Items from a dataset -
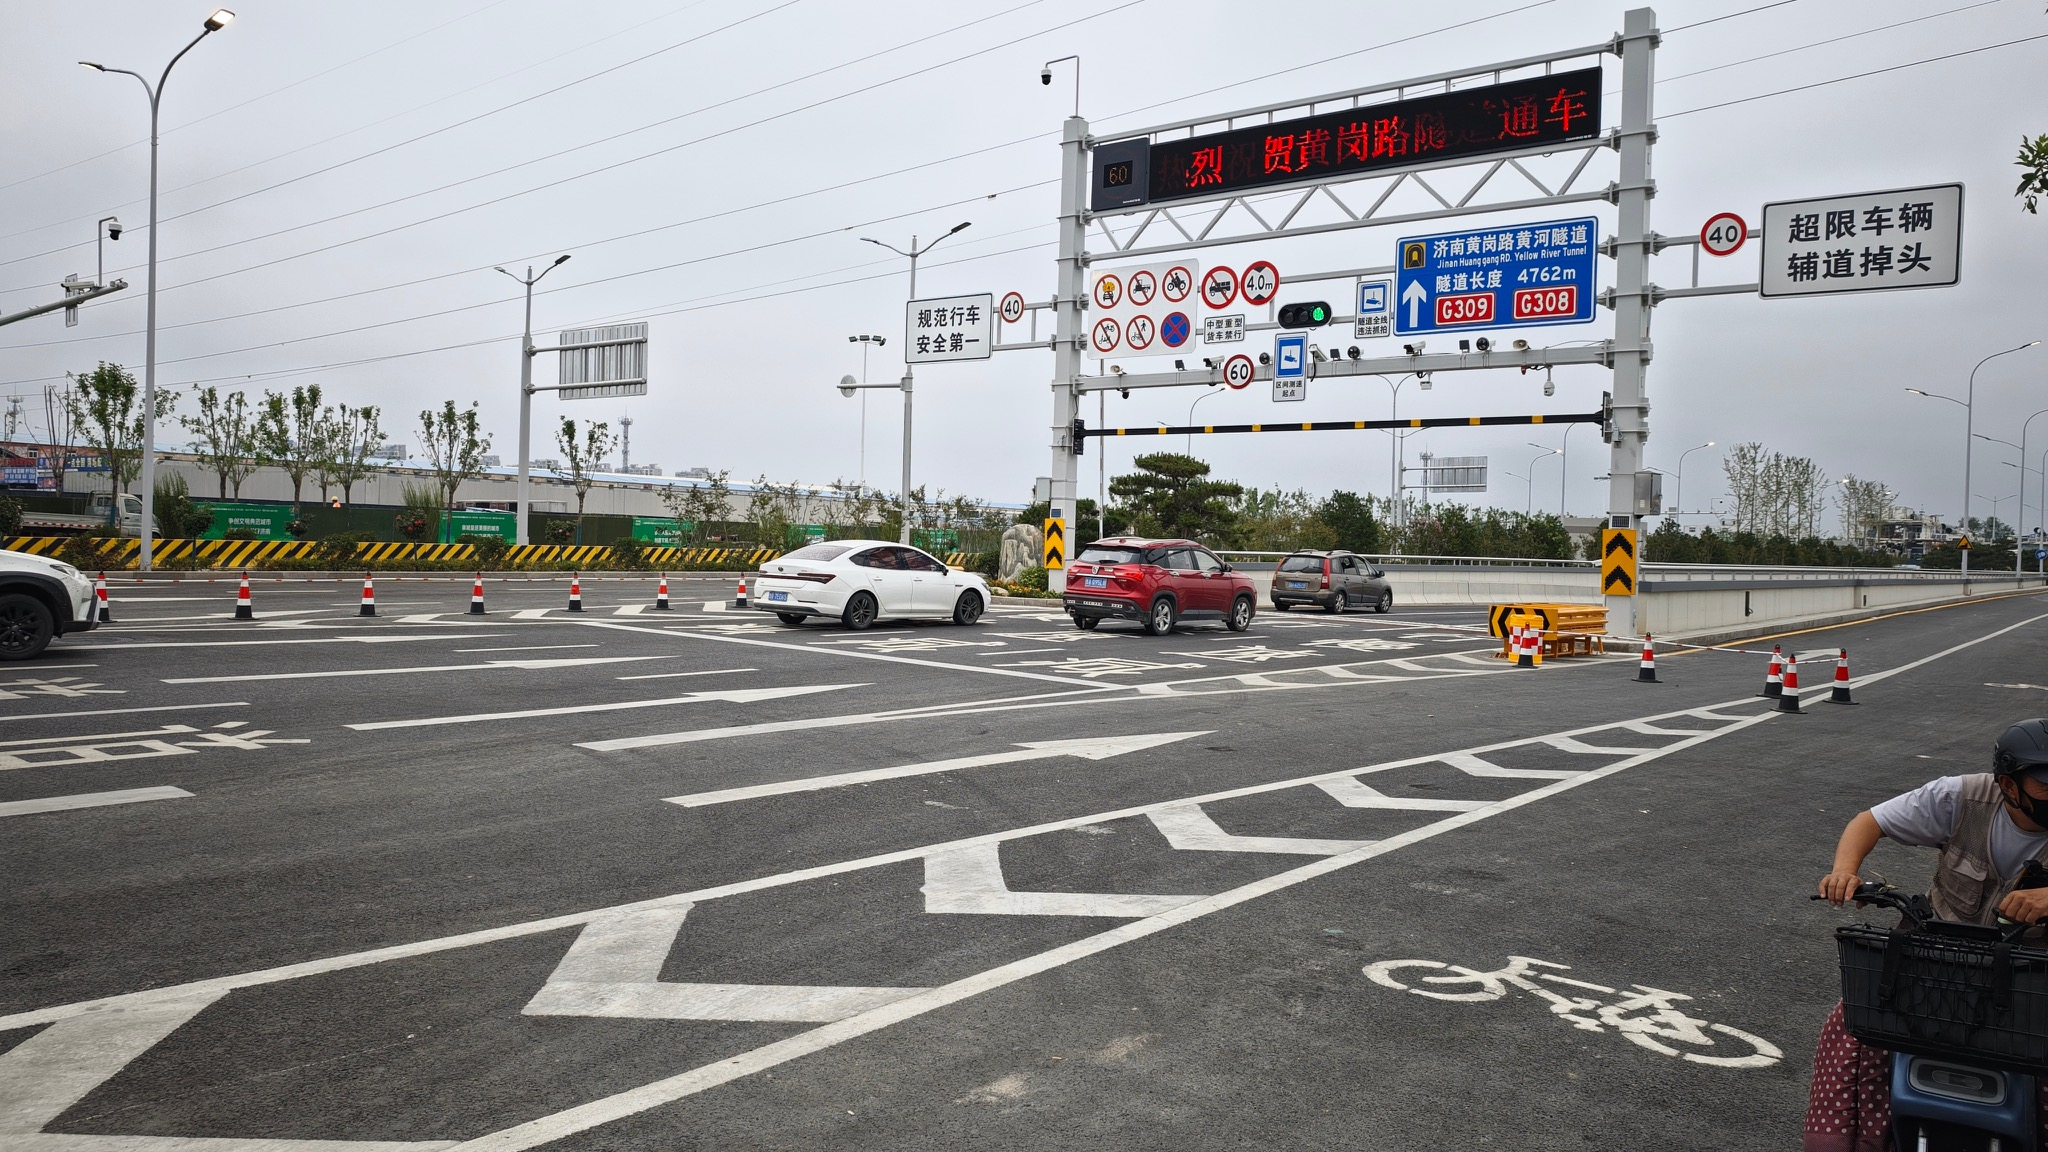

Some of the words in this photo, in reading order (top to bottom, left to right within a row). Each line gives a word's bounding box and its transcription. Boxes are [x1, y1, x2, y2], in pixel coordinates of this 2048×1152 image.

[1109, 165, 1128, 184] 60
[1788, 201, 1934, 243] 超限车辆
[1433, 224, 1588, 259] 济南黄岗路黄河隧道
[1708, 225, 1738, 244] 40
[1437, 259, 1458, 269] Jinan
[1500, 253, 1512, 263] RD.
[1514, 251, 1539, 261] Yellow
[1541, 248, 1561, 259] River
[1563, 245, 1587, 257] Tunnel
[1787, 242, 1932, 282] 辅道掉头
[1246, 274, 1273, 291] 4.0m
[1436, 269, 1503, 293] 隧道长度
[1517, 266, 1576, 284] 4762m
[917, 305, 980, 328] 规范行车
[1004, 300, 1020, 315] 40
[1442, 298, 1488, 320] G309
[1521, 291, 1569, 314] G308
[1207, 317, 1242, 329] 中型重型
[917, 332, 980, 354] 安全第一
[1207, 330, 1242, 341] 货车禁行
[1230, 364, 1249, 380] 60
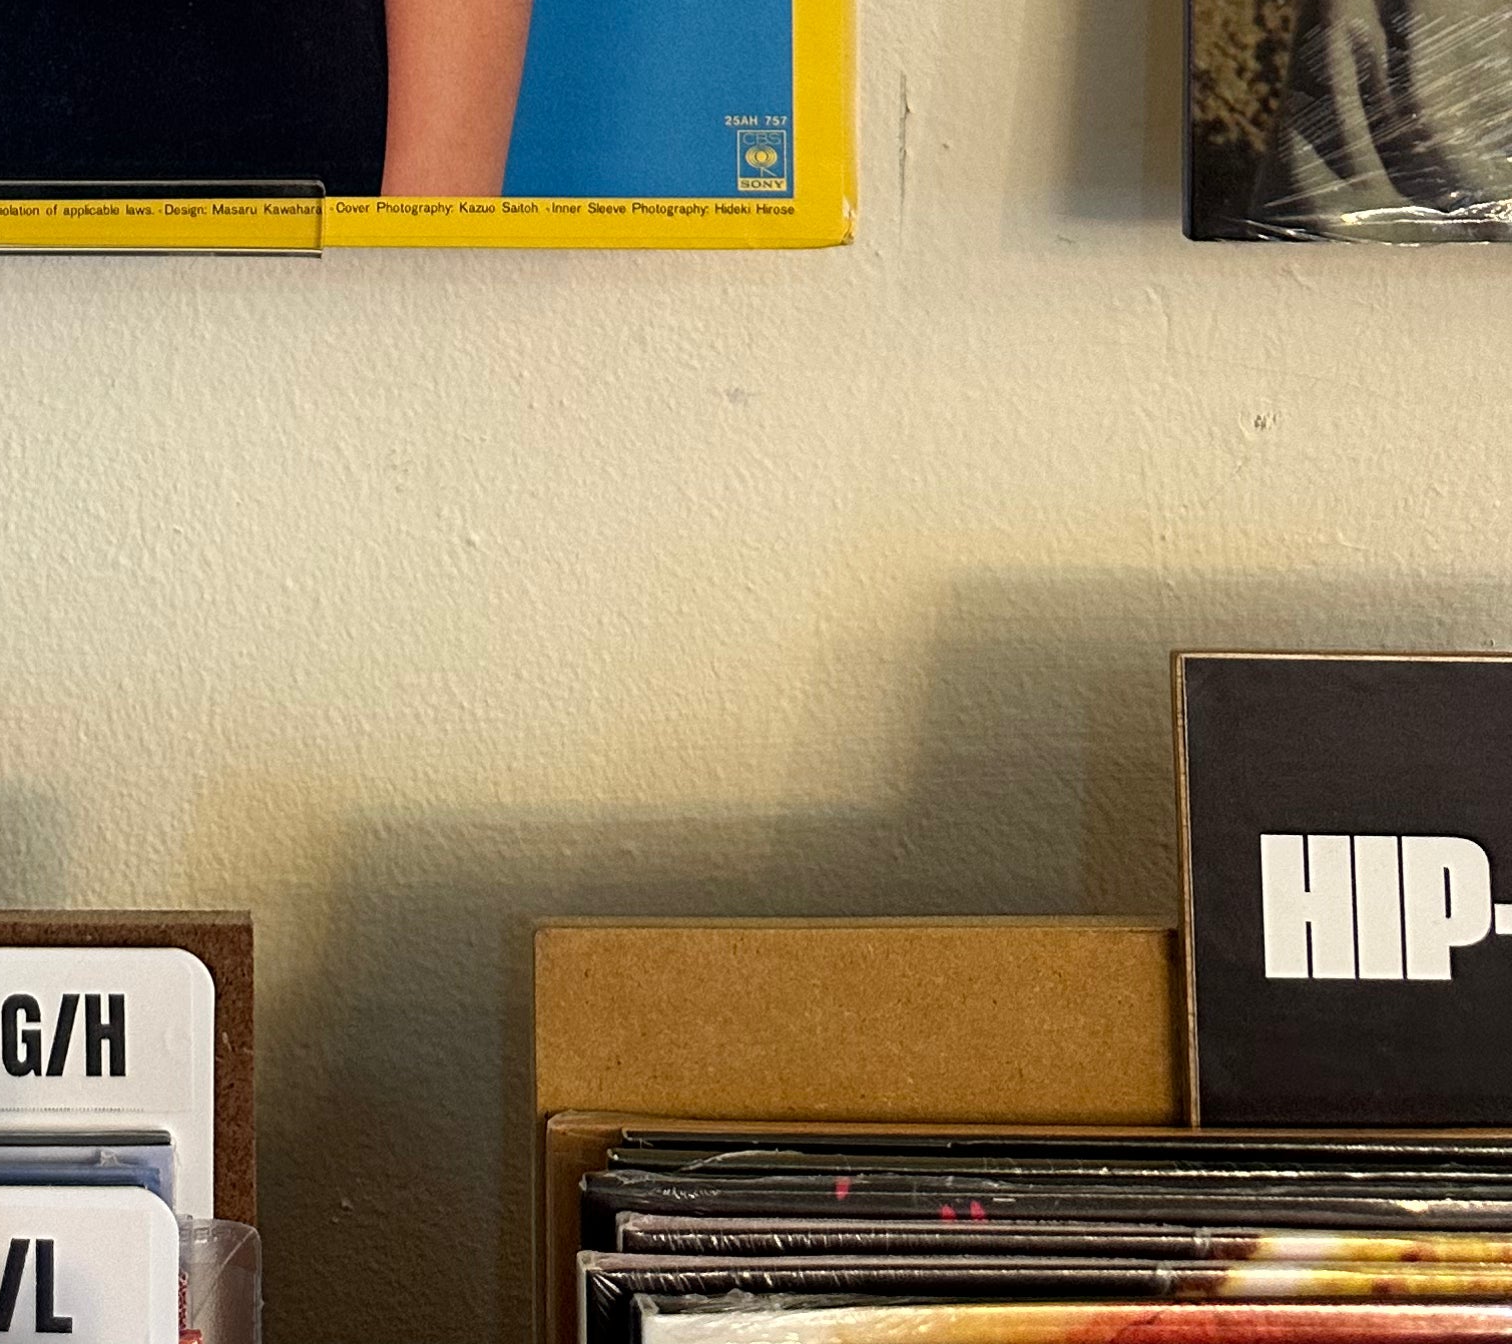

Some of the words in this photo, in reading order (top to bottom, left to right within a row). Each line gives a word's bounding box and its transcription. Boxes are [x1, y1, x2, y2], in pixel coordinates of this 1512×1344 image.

[742, 132, 782, 145] CBS
[740, 179, 785, 189] SONY
[45, 203, 58, 217] of
[62, 204, 120, 219] applicable
[212, 203, 258, 216] Masaru
[263, 203, 323, 216] Kawahara
[335, 201, 370, 214] Cover
[459, 201, 496, 214] Kazuo
[501, 201, 539, 214] Saitoh
[551, 202, 582, 215] Inner
[587, 201, 627, 215] Sleeve
[714, 203, 752, 215] Hideki
[755, 203, 795, 216] Hirose
[1, 993, 127, 1078] G/H
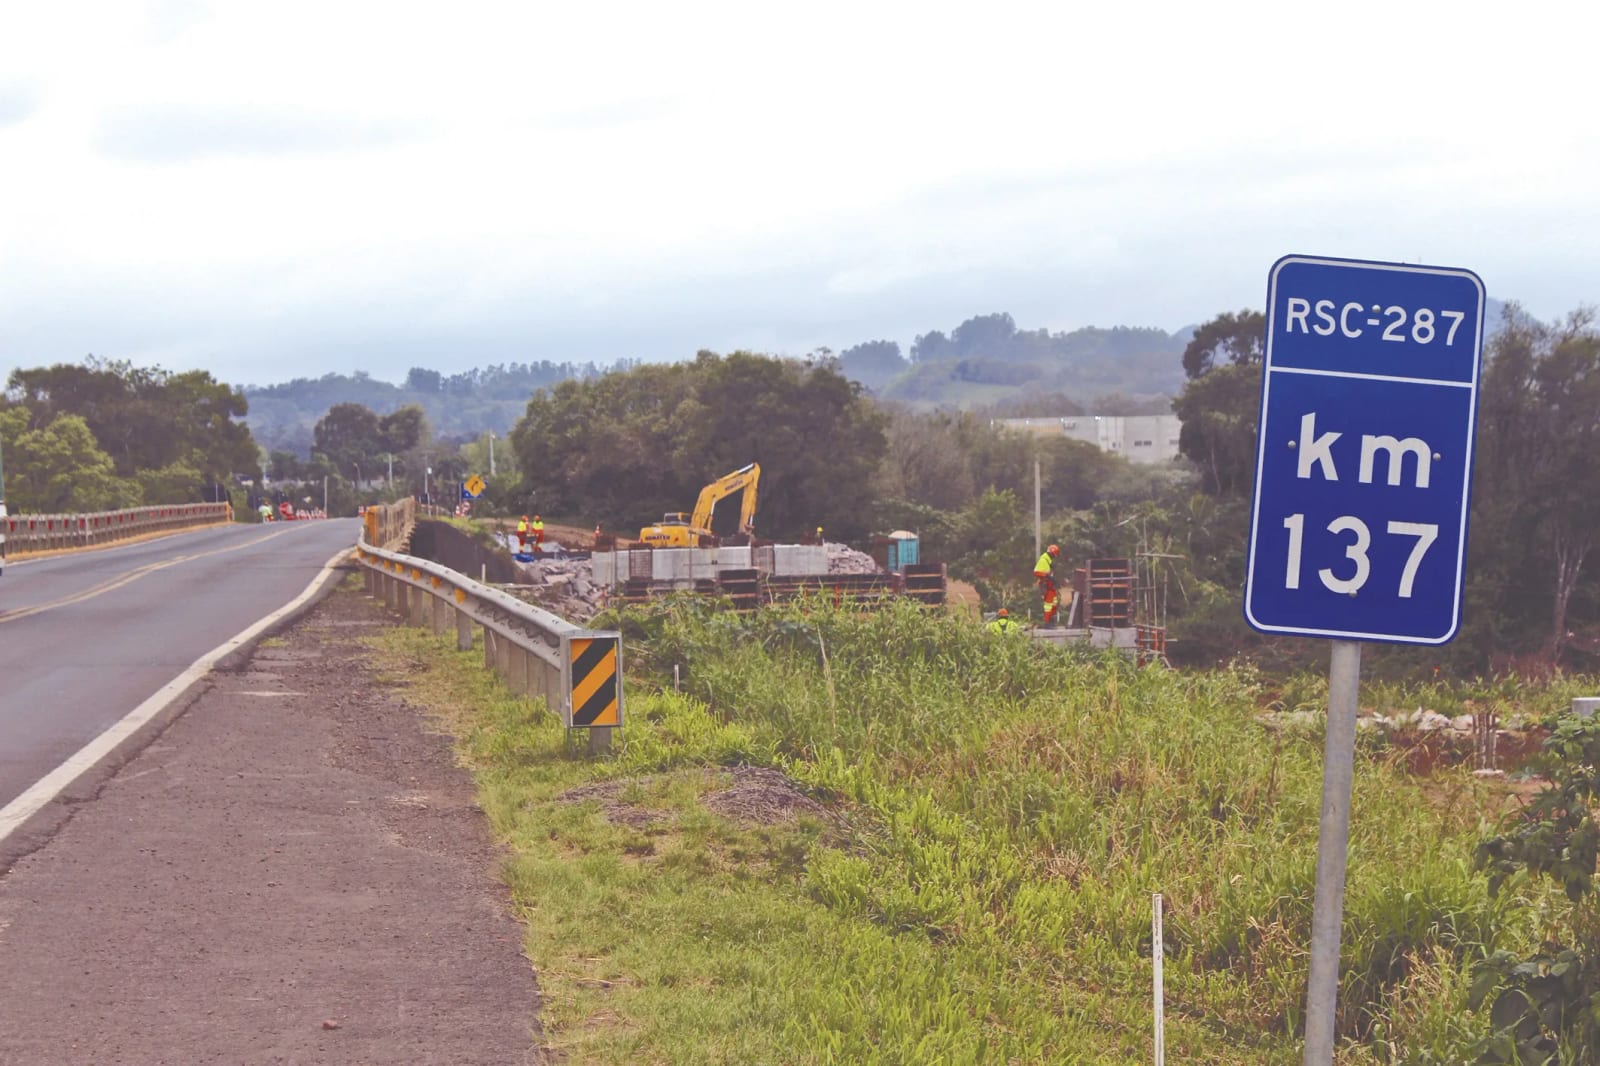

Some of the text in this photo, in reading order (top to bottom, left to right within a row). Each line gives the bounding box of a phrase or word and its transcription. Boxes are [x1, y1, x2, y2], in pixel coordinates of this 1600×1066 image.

[1286, 298, 1465, 346] RSC-287
[1297, 412, 1432, 488] km
[1283, 513, 1439, 597] 137

Task requirements - Where the line containing "Some of the text" appears in the records above, begin copying and continue through the last line; copy each line exactly and include no others.

Solved problem -
Some of the text in this photo, in reading order (top to bottom, left to right within a row). Each line gives the bounding box of a phrase or word and its transcription. Boxes are [x1, y1, x2, y2], in pixel coordinates of this 1600×1066 image.

[1286, 298, 1465, 346] RSC-287
[1297, 412, 1432, 488] km
[1283, 513, 1439, 597] 137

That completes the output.